■ **Task description**
Reproduce the listing word for word, leaving every picture behind.

Top of Material for the task

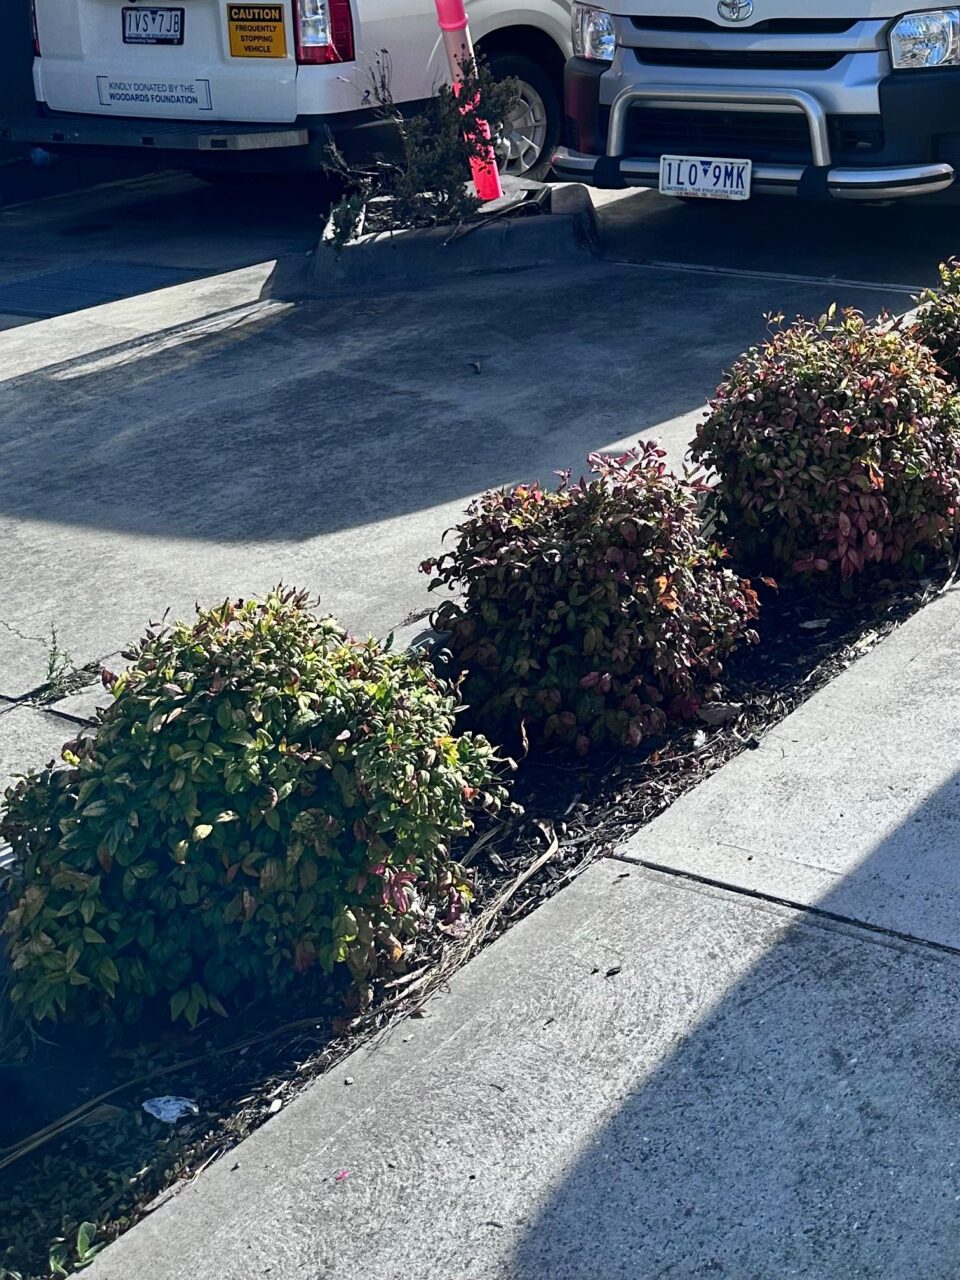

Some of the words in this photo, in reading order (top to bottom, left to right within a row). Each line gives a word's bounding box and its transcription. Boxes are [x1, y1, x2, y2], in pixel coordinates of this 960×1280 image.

[231, 9, 280, 20] CAUTION
[128, 13, 149, 32] 1VS
[159, 14, 180, 32] 7JB
[235, 24, 277, 32] FREQUENTLY
[240, 35, 273, 43] STOPPING
[243, 45, 272, 53] VEHICLE
[109, 82, 132, 91] KINDLY
[134, 83, 167, 93] DONATED
[168, 84, 178, 93] BY
[180, 84, 195, 93] THE
[109, 93, 149, 103] WOODARDS
[151, 94, 198, 104] FOUNDATION
[712, 165, 745, 189] 9MK

Bottom of Material for the task

■ **Task response**
Some of the words in this photo, in reading order (top to bottom, left to right within a row). Each line gives a word's bounding box and its transcription. Boxes are [x1, y1, x2, y2], in pixel coordinates of this 960×1280 image.

[231, 9, 280, 20] CAUTION
[128, 13, 149, 32] 1VS
[159, 14, 180, 32] 7JB
[235, 24, 277, 32] FREQUENTLY
[240, 35, 273, 43] STOPPING
[243, 45, 272, 53] VEHICLE
[109, 82, 132, 91] KINDLY
[134, 83, 167, 93] DONATED
[168, 84, 178, 93] BY
[180, 84, 195, 93] THE
[109, 93, 149, 103] WOODARDS
[151, 94, 198, 104] FOUNDATION
[712, 165, 745, 189] 9MK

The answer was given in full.